One cannot claim to be a champion of liberty and limited [power of government] while calling for measures to prevent people without papers from finding work and making a home in the United States. . . . Donald Trump makes the most noise about ‘illegal immigration,’ which is merely government-speak for people coming here without the permission of politicians and bureaucrats. . . . So if all people are created equal, why should some have to carry government papers just because they were born on the other side of an arbitrary line on a map. . . . Trump and his rivals insist that if government does not enforce the borders we have no country.
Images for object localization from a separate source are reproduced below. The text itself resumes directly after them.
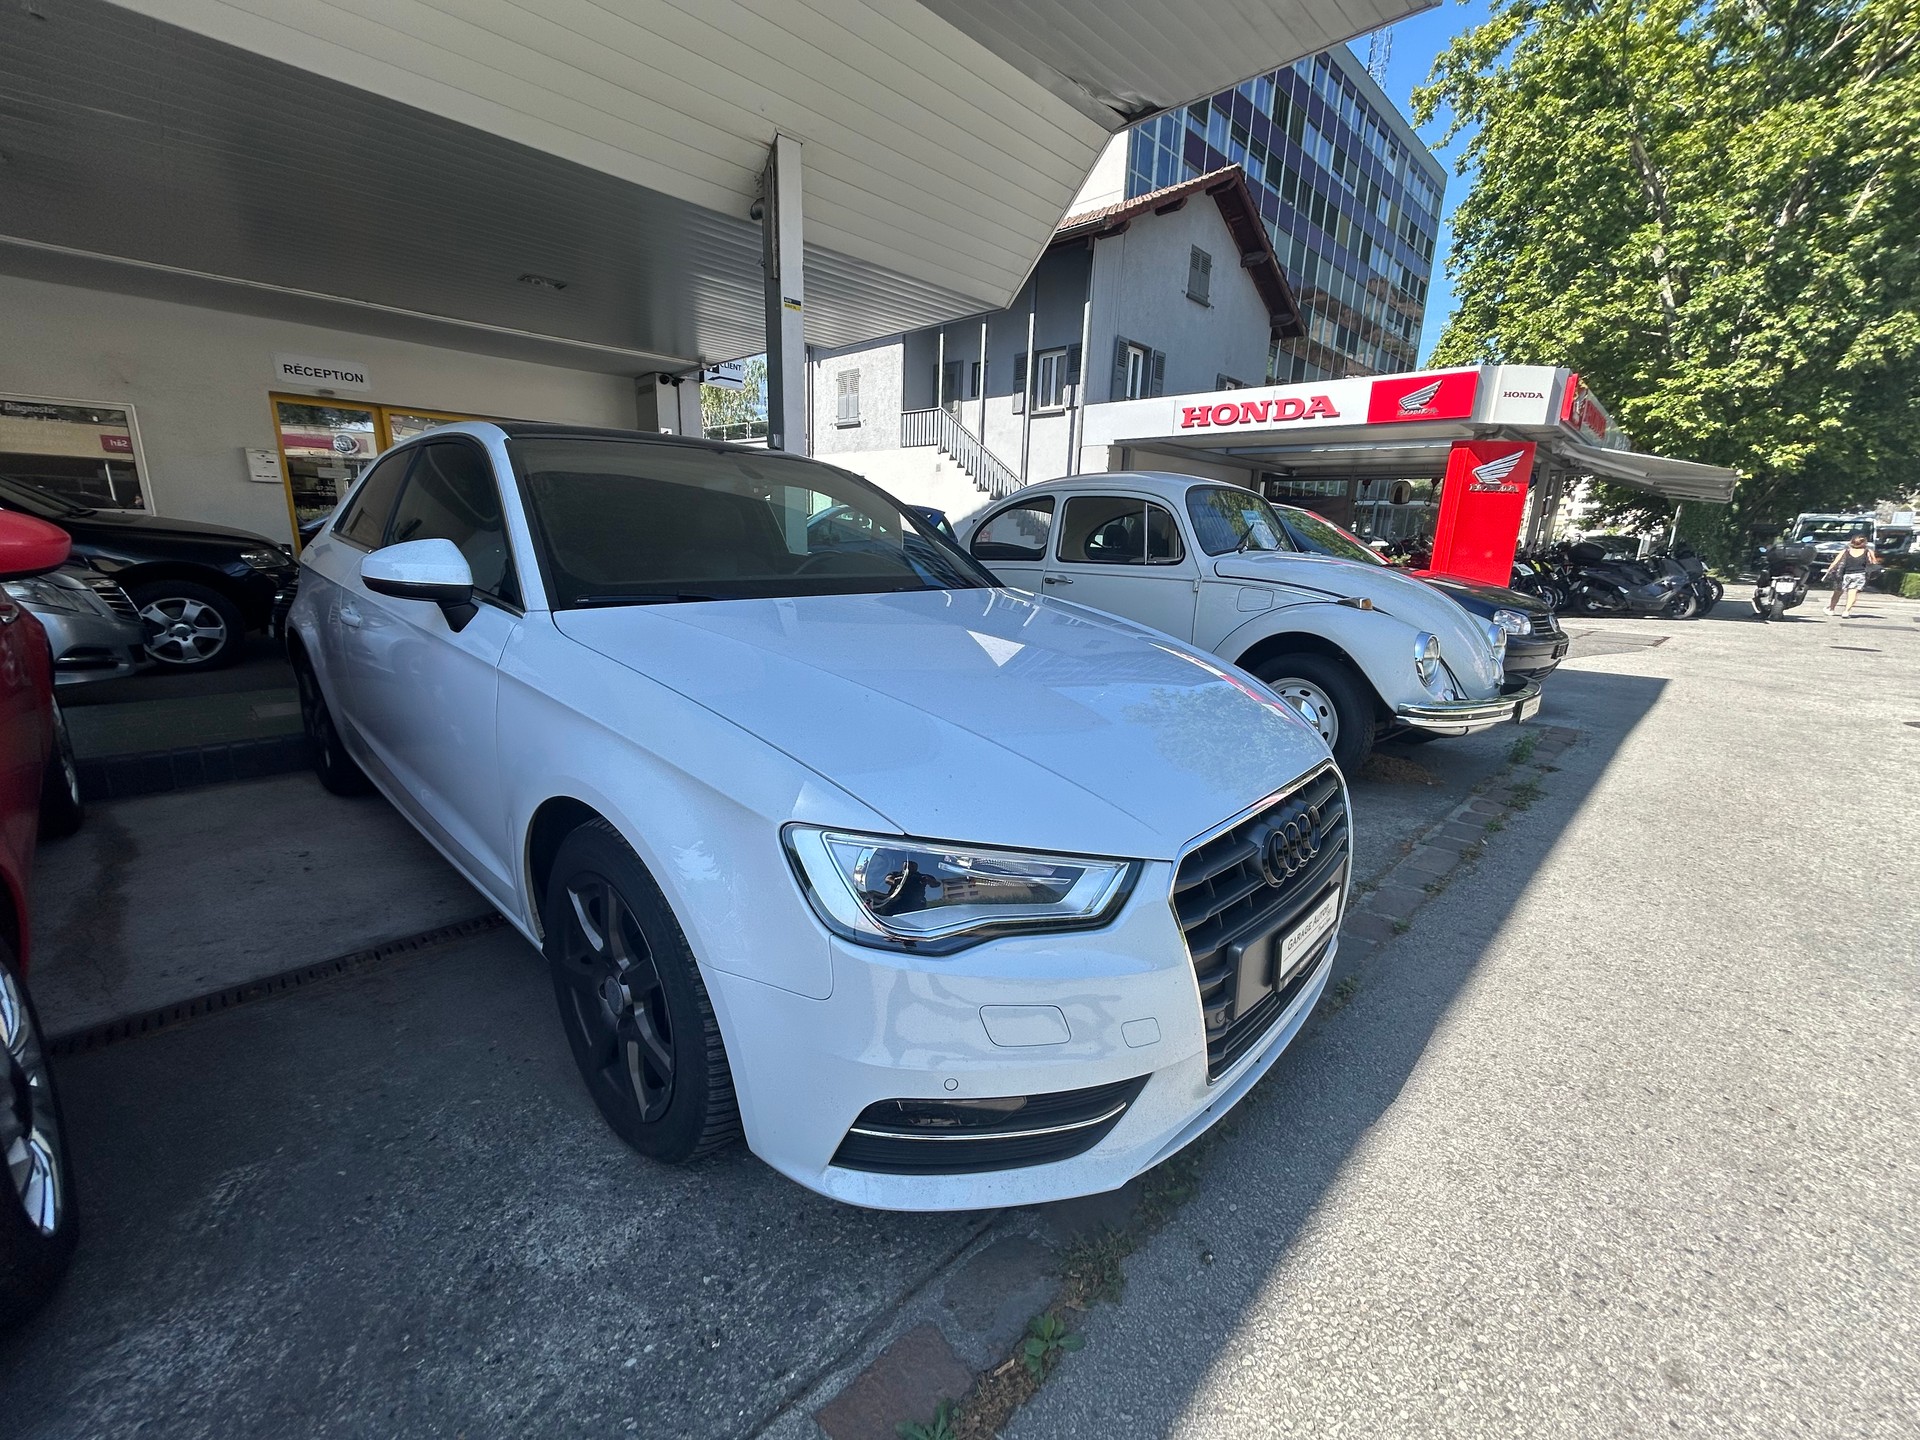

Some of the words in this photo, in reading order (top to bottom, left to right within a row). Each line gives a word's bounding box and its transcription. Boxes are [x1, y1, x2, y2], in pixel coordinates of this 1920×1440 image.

[283, 363, 364, 383] RÉCEPTION
[1503, 391, 1544, 399] HONDA
[4, 402, 57, 414] Diagnostic
[1181, 395, 1341, 428] HONDA
[1287, 922, 1313, 951] GARAGE
Perhaps, but so what? As Patrick Henry said when asserting the rights of Americans before the American Revolution: ‘If this be treason, make the most of it.” – Reason, Justice, Not Amnesty, for ‘Illegal’ Immigrants, Sheldon Richman, 2/7/16

Fact Check: Reason is a flagship magazine of the libertarian movement which unreasonably maintains that humans are (or at least should be) atomized beings with no higher aspirations than self-interest. Ayn Rand, a prominent theorist of libertarians, proclaimed that selfishness is a “virtue,” and that loyalty to anything beyond self is “collectivism”—which is oppressive evil and destructive to self.

Although Rand apparently didn’t come to the following conclusion, quite a number of libertarians have: namely, that loyalty to country—patriotism—is collectivism. And given Rand’s premises, this is an entirely logical conclusion. But it is one totally at odds with human nature as revealed through history. Commonly we find our individual fulfillment in allegiances and loyalties to collective entities beyond ourselves—to our families, our communities, and our nations just to name a few.
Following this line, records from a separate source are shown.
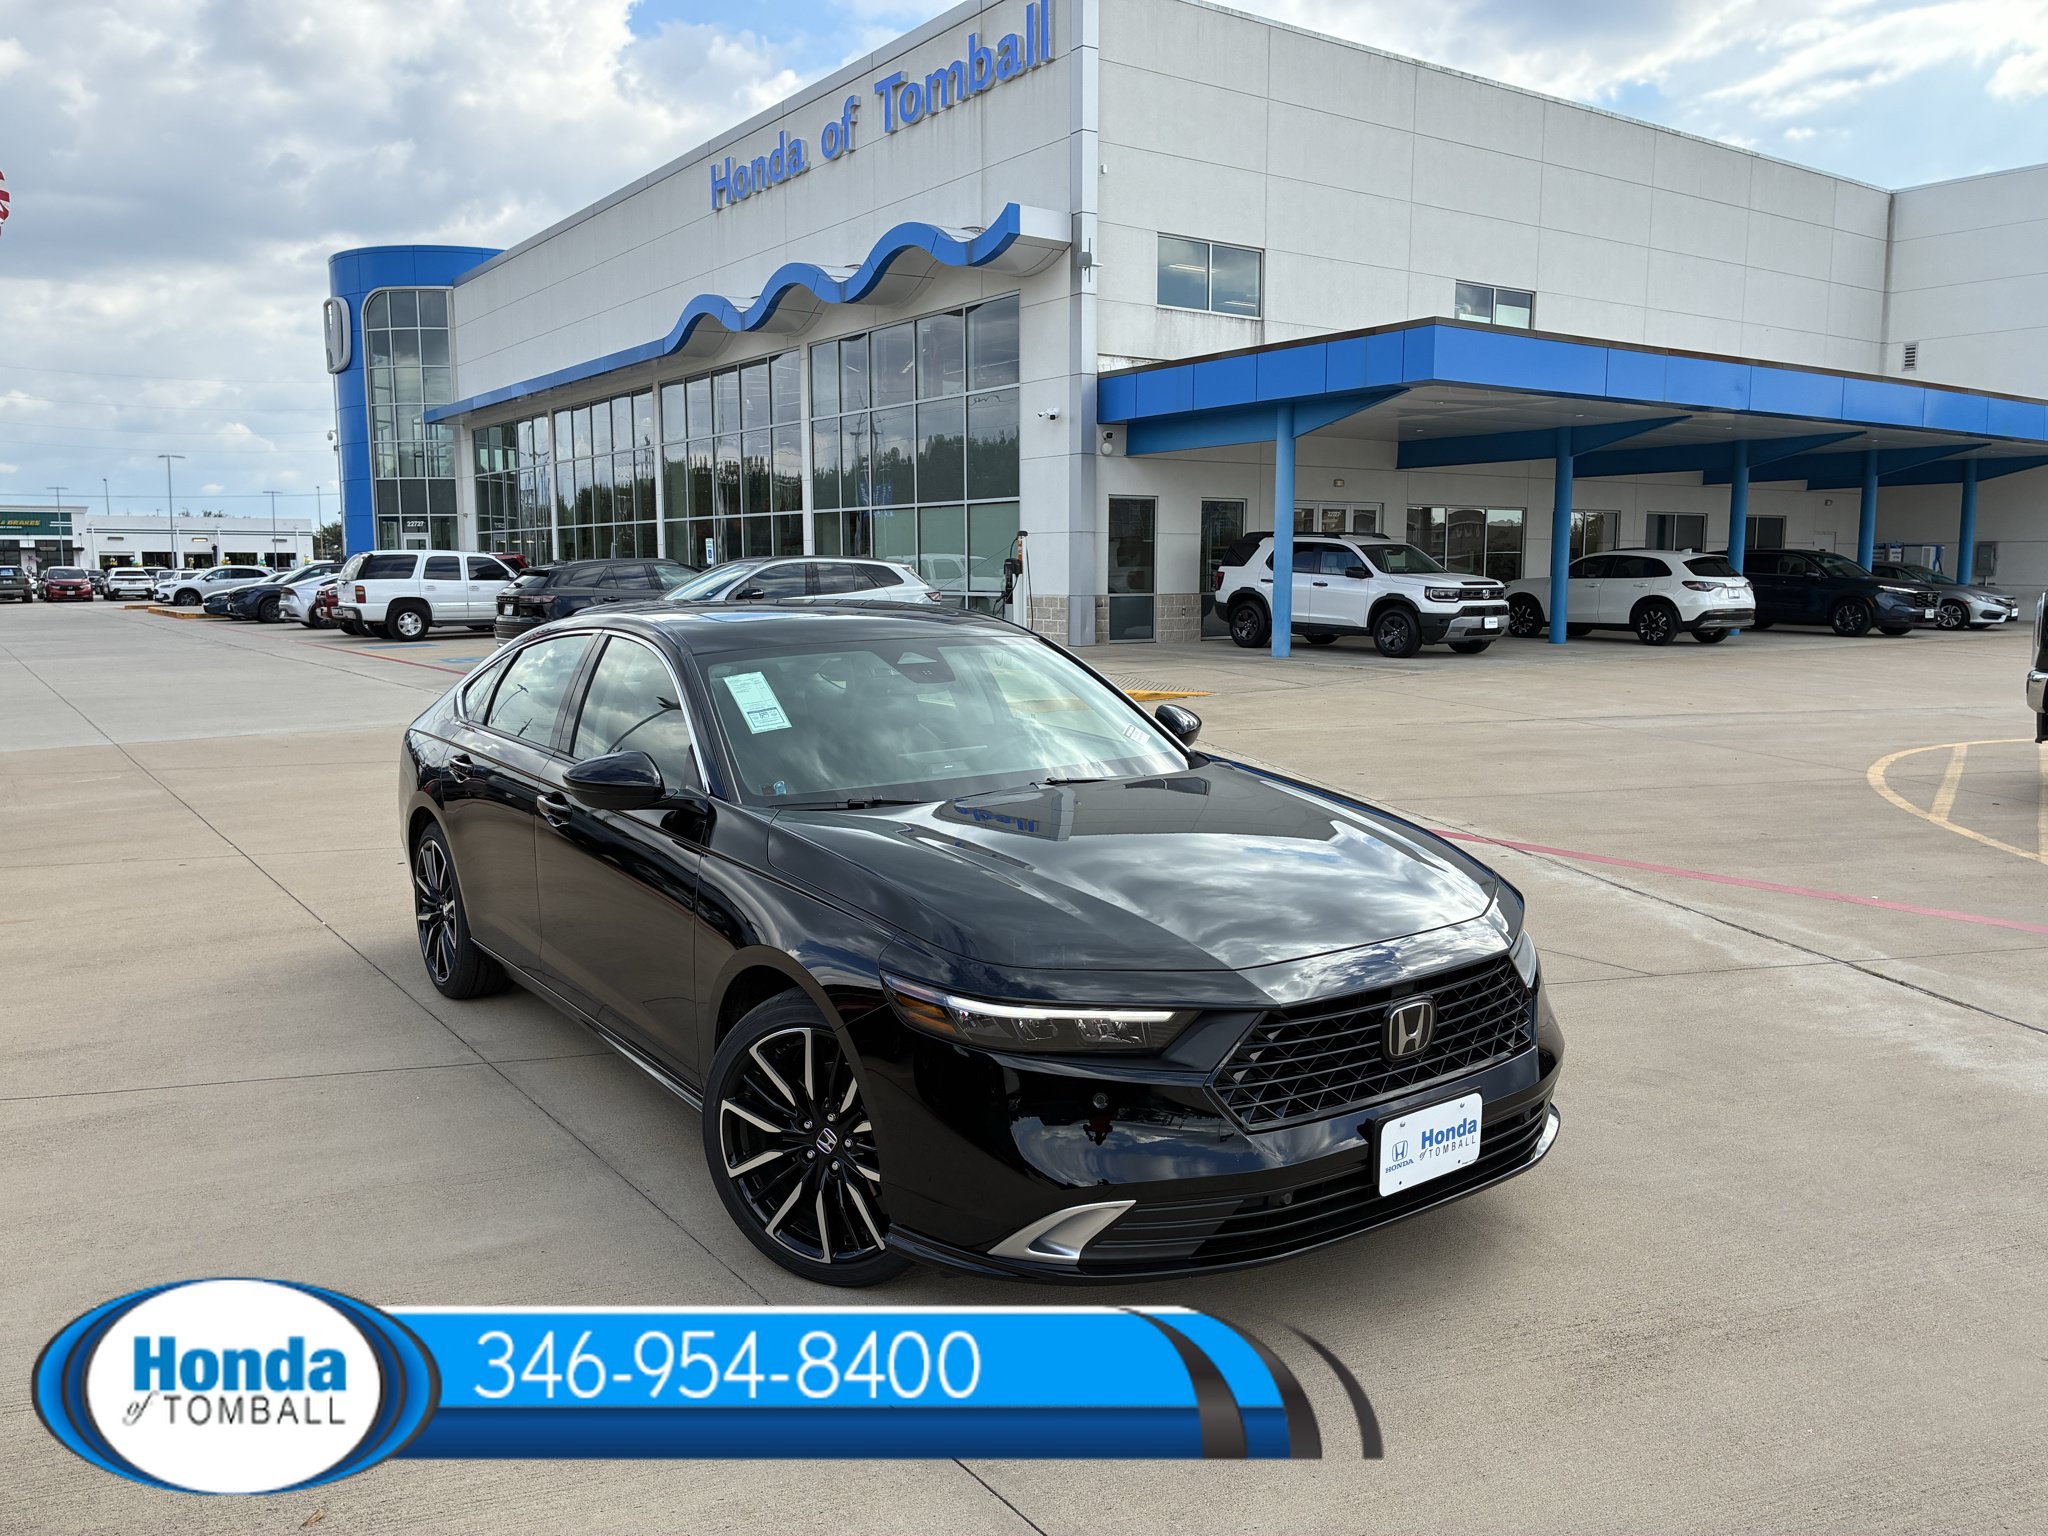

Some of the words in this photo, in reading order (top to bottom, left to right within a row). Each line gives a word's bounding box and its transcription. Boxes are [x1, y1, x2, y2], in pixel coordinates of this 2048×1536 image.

[710, 130, 810, 210] Honda
[821, 95, 861, 160] of
[874, 0, 1054, 133] Tomball
[1419, 1148, 1429, 1160] of
[1429, 1135, 1476, 1158] TOMBALL
[1421, 1118, 1477, 1149] Honda
[1385, 1158, 1414, 1173] HONDA
As Americans we have loyalty to our country and its defining characteristics. Our border is not an arbitrary line but a defining marker of who we are and where we are. Furthermore, it is not a whim of “politicians and bureaucrats” to enforce our borders and protect our national identity, but rather it is the expressed will of the American people through democratic decision-making. Interestingly, even Richman seems to have an inkling of this understanding when he endorses Patrick Henry’s statement about the “rights of Americans.”
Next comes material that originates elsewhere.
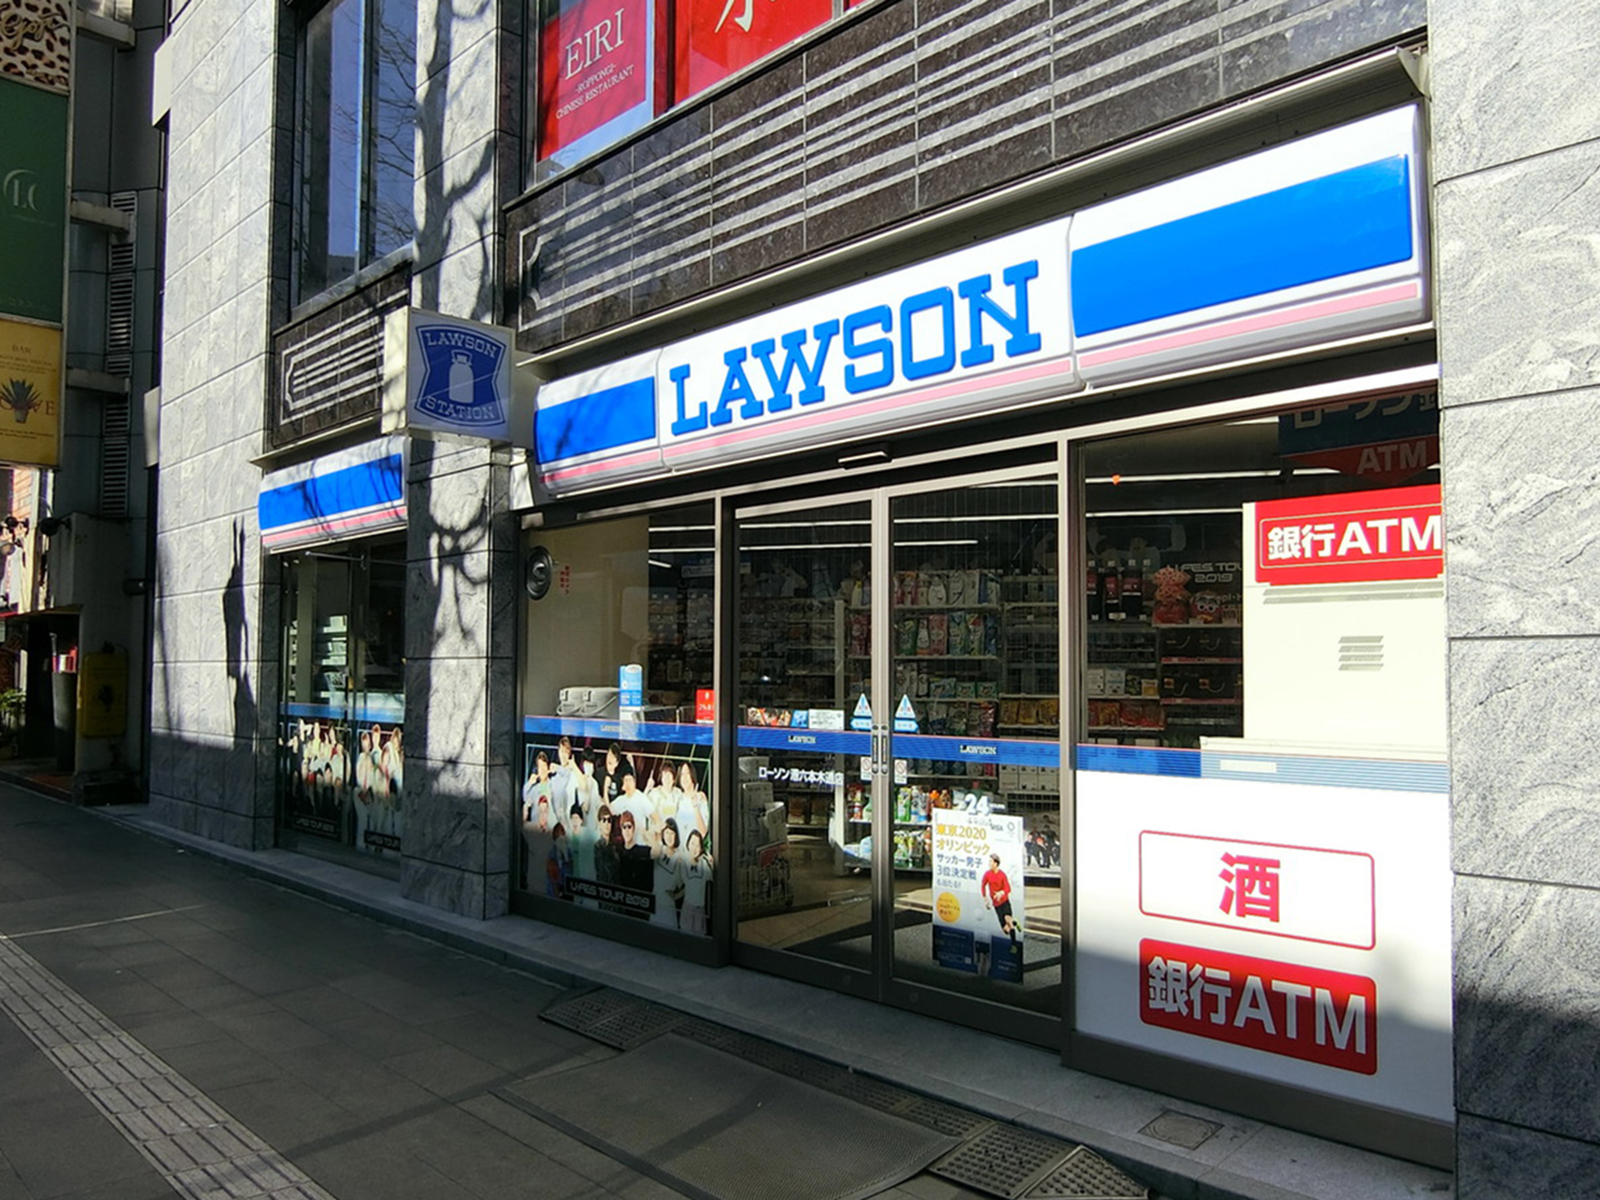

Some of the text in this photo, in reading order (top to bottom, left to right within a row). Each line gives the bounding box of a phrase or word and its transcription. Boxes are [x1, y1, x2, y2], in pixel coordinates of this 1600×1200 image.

In any case, as Richman speaks of liberty he would deny Americans the liberty to decide what kind of society we want to have. And ironically he would destroy the kind of minimal-government society that libertarians claim they seek. Mass immigration has brought us many people who have little understanding of rule of law and limited government, and their numbers are overwhelming our powers of assimilation. As time goes on, they will start imposing their preferences as they vote.

Richman quotes the phrase “all men are created equal” from the Declaration of Independence to suggest that all men are interchangeable and that we cannot prefer any human to any other. That, of course, is absurd. It’s like telling parents that they must love all children in the world as much as their own children. Similarly, Americans are under no moral obligation to put the interests of foreigners ahead of their countrymen.

That definitely was what Thomas Jefferson, the author of the Declaration, believed. In his Notes on the State of Virginia, he warned of the dangers of mass immigration, stating that “[Immigrants] will bring with them the principles of the governments they leave, or if able to throw them off, it will be in exchange for an unbridled licentiousness, passing, as usual from one extreme to another. It would be a miracle were they to stop precisely at the point of temperate liberty.”

Libertarianism doesn’t abide in the real world, but it is most useful to worldly interests. Specifically, it gives justification to unscrupulous businessmen who want open borders to obtain an endless supply of cheap labor. Libertarians call this “free enterprise,” but it is not free at all to taxpayers who have to provide welfare to this low-wage workforce.

Selfishness and promotion of greed are prominent moral failings of the libertarian creed. And another one is treason—which Richman and Reason blatantly admit. Loyal Americans should make the most of that understanding.